Но Гришка уже ничего не слышал:

– Возьми чемодан.

Аба молча попытался обойти Гришку.

– Возьми!

Сергей и Тейка остановились, потом повернули назад. Аба не был другом Сергея, но дело было не в этом. Гришка заметил Сергея.

– Хорошо, – сказал он Абе, – ладно. За-пом-ни. Там тебе не школа.

И двинулся мимо Сергея вперед.


2

Вокзал был самым военным местом в городе. Вся привокзальная площадь забита людьми в солдатских гимнастерках. У входа в вокзал – часовые. Штатские попадаются редко. От военных их отличает не только одежда, но и суетливое, неуверенное, а у некоторых даже истеричное выражение лица. Будто все они опоздали или вот-вот опоздают на свой единственный поезд. Приятно было видеть, как эти люди поспешно расступаются перед ребятами. Приятно было видеть, как у военных и железнодорожников, к которым обращалась Аннушка, тотчас же лица становились вежливыми и внимательными.

В вагоне мальчишки прилипли к окнам, но поезд долго не трогался, и всем успели надоесть пустые, забитые досками продуктовые ларьки, серая бетонная платформа перрона, на которой не валялось ни одного окурка, ни одного яблочного огрызка, таблички «кипяток» над широкогорлыми, отполированными медными кранами, к которым длинными собачьими цепями были приклепаны полулитровые алюминиевые кружки. От одного взгляда на эти вместительные кружки у Сергея к горлу подступала голодная изжога.

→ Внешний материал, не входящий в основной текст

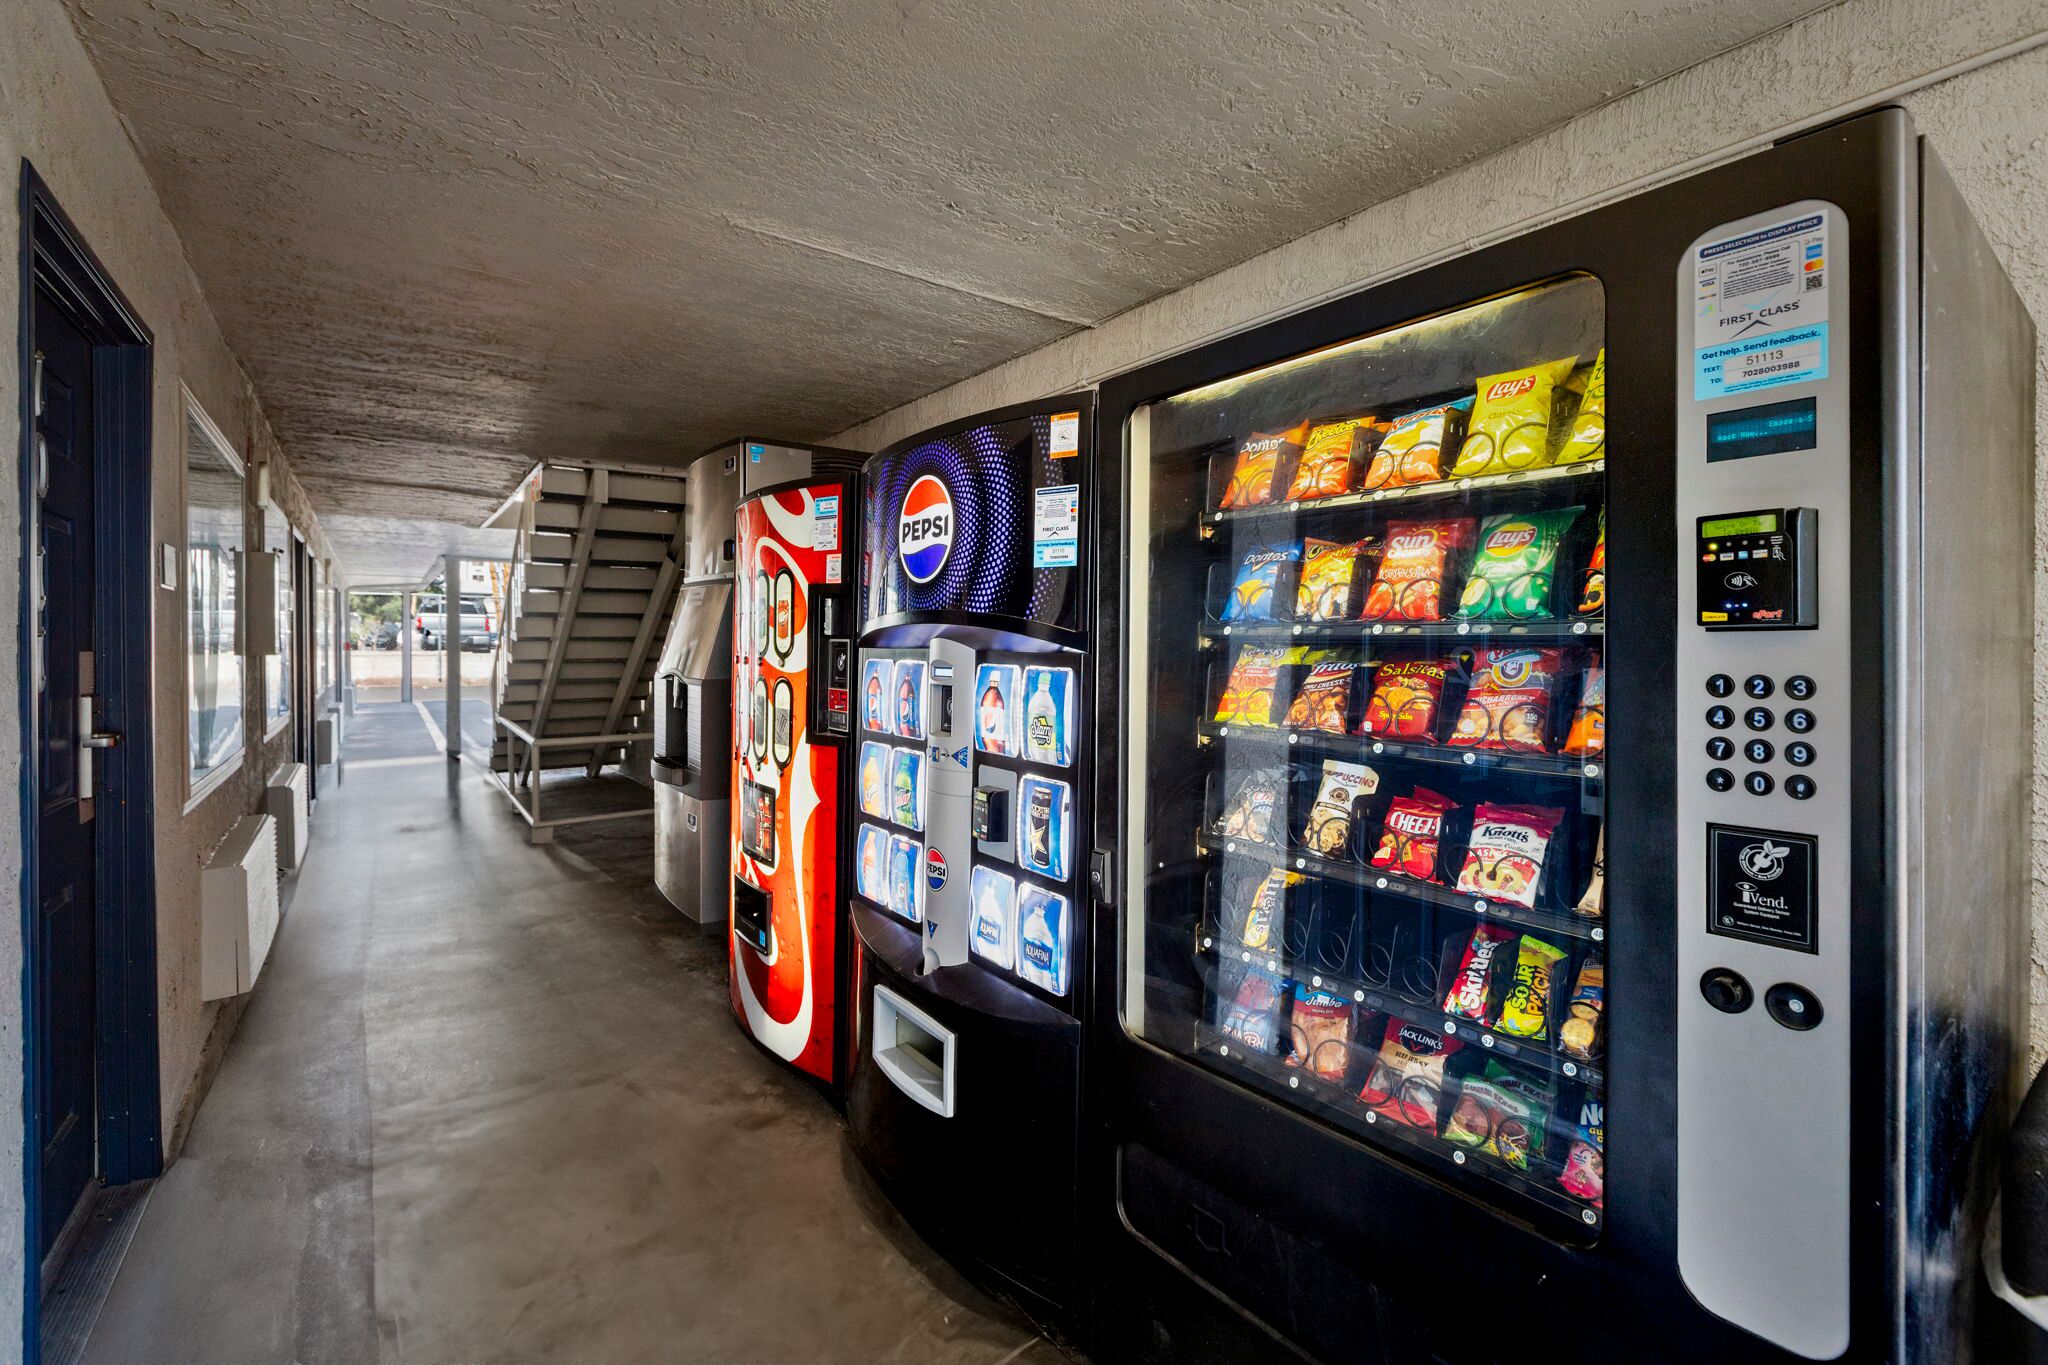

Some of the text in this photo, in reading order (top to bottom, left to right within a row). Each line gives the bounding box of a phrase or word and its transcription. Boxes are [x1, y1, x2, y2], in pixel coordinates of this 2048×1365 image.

[1704, 246, 1725, 256] PRESS
[1725, 237, 1760, 250] SELECTION
[1767, 225, 1797, 237] DISPLAY
[1797, 219, 1818, 228] PRICE
[1720, 302, 1800, 327] FIRST CLASS
[1702, 330, 1821, 360] Get help. Send feedback.
[1746, 350, 1784, 366] 51113
[1703, 365, 1722, 374] TEXT:
[902, 514, 949, 543] PEPSI
[1391, 536, 1430, 551] Sun
[1244, 551, 1289, 566] Doritos
[1380, 663, 1446, 680] Salsitas
[1716, 678, 1806, 696] 1 2 3
[1526, 712, 1538, 720] 150
[1713, 710, 1807, 728] 4 5 6
[1464, 754, 1474, 762] 36
[1715, 742, 1808, 762] 7 8 9
[1754, 776, 1765, 792] 0
[1389, 811, 1441, 836] CHEEZ-I
[1482, 826, 1529, 843] Knott's
[1026, 944, 1049, 964] AQUAFINA
[1512, 964, 1536, 1010] SOUR
[1398, 1027, 1418, 1042] JACK
[1482, 1037, 1492, 1046] 57
[1396, 1051, 1408, 1059] BEEF
[1564, 1065, 1574, 1074] 58
[1584, 1212, 1594, 1222] 68

– Анна Михайловна, – спросил Хомик, аккуратно распорядившийся своими вещами, он повесил на крючок пиджак, уложил под полку рюкзак, – а кормить в колхозе нас будут?

– Обязательно, – сказала Аннушка. – Нужно только туда доехать. – Аннушка улыбнулась. – Споемте?

– Хотите нас отвлечь? – засмеялся Хомик.

– Отвлечь? Почему?

– Ну, вы такая… строгая. И – «споемте»!

– А все-таки давайте петь!

Кто-то затянул «Трех танкистов». С грехом пополам дотянули до половины, дальше слов никто не знал. Попробовали сочинить свой вариант песни. Получилось смешно, но все-таки песня не пошла. Вспомнили «Утро красит…», «Ты не бойся ни жары и ни холода…». Но и там спотыкались на втором, третьем куплете.

– Девчонок же нет, – сказал Хомик. – Они бы до конца допели.

Потом, неторопливо постукивая и то взмывая на собственных проводах, то опадая ниже насыпи, за окном поплыли телеграфные столбы. За столбами потянулись пыльные, побуревшие не столько от осени, сколько от позднего жаркого солнца чахлые лесопосадки и желтая, в плохо выбритой, колкой рыжей стерне степь. И эта сухая степь и летучая пыль над ней усиливали какой-то безнадежностью щемящее и почему-то стыдное чувство голода.


3

Ехали почти весь день. До четырех часов дня – поездом, потом, от станции до колхоза, – полуторкой.

Высокий хромой дядька, встречавший ребят на станции, не то удивился, не то огорчился.

– Приехали, – сказал он. – Слава богу. Ничего. Бог даст.

Про бога он упомянул напрасно. Мальчишки были настроены высокомерно, они и сами были уверены, что на селе с культурой не очень-то, а тут такое откровенное невежество! К тому же они рассчитывали на более торжественную встречу, на какие-то более внятные слова и обещания. А дядька, оседая, будто при каждом шаге проваливаясь правой ногой в невидимую яму, вел их к полуторке и бубнил:

– Ничего. Бог даст…

Он не смягчил мальчишечьи сердца даже тремя буханками хлеба драгоценной, уже забытой белизны, которые вытащил из кабинки и передал Аннушке. Мальчишки не знали, что хромой завхоз огорчен их очевидной молодостью, их очевидной неприспособленностью для того дела, ради которого они ехали сюда.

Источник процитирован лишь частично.